## YOUR GOAL
No line before the one containing "this 1280×1280 image." is to be output; retype exactly that line and all lines that follow it to the end of the records.

## Phrase grounding data
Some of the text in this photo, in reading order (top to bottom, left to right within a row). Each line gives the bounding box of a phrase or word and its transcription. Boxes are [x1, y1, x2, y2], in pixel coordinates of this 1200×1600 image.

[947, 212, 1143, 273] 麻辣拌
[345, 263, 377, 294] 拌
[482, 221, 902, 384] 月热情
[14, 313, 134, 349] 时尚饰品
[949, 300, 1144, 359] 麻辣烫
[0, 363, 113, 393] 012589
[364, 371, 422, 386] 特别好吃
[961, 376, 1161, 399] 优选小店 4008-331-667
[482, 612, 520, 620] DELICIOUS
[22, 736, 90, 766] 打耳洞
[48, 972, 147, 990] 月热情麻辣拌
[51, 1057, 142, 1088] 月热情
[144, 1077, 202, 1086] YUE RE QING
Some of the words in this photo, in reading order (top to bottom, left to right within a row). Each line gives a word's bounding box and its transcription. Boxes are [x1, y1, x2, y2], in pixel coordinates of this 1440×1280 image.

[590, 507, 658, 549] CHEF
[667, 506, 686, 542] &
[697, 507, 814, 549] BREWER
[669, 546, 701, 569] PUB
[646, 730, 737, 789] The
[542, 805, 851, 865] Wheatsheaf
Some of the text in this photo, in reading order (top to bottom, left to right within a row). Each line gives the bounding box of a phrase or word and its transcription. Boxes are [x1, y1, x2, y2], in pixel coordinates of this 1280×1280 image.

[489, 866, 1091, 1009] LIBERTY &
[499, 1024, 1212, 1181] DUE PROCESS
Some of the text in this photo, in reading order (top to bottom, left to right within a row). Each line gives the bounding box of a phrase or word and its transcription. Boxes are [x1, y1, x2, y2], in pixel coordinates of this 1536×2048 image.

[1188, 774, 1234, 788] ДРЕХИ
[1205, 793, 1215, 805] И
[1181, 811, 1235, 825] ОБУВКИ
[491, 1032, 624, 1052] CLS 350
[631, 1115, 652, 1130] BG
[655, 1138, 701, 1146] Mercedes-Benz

## EXERCISE OUTPUT
Some of the text in this photo, in reading order (top to bottom, left to right within a row). Each line gives the bounding box of a phrase or word and its transcription. Boxes are [x1, y1, x2, y2], in pixel coordinates of this 1280×1280 image.

[489, 866, 1091, 1009] LIBERTY &
[499, 1024, 1212, 1181] DUE PROCESS
Some of the text in this photo, in reading order (top to bottom, left to right within a row). Each line gives the bounding box of a phrase or word and its transcription. Boxes are [x1, y1, x2, y2], in pixel coordinates of this 1536×2048 image.

[1188, 774, 1234, 788] ДРЕХИ
[1205, 793, 1215, 805] И
[1181, 811, 1235, 825] ОБУВКИ
[491, 1032, 624, 1052] CLS 350
[631, 1115, 652, 1130] BG
[655, 1138, 701, 1146] Mercedes-Benz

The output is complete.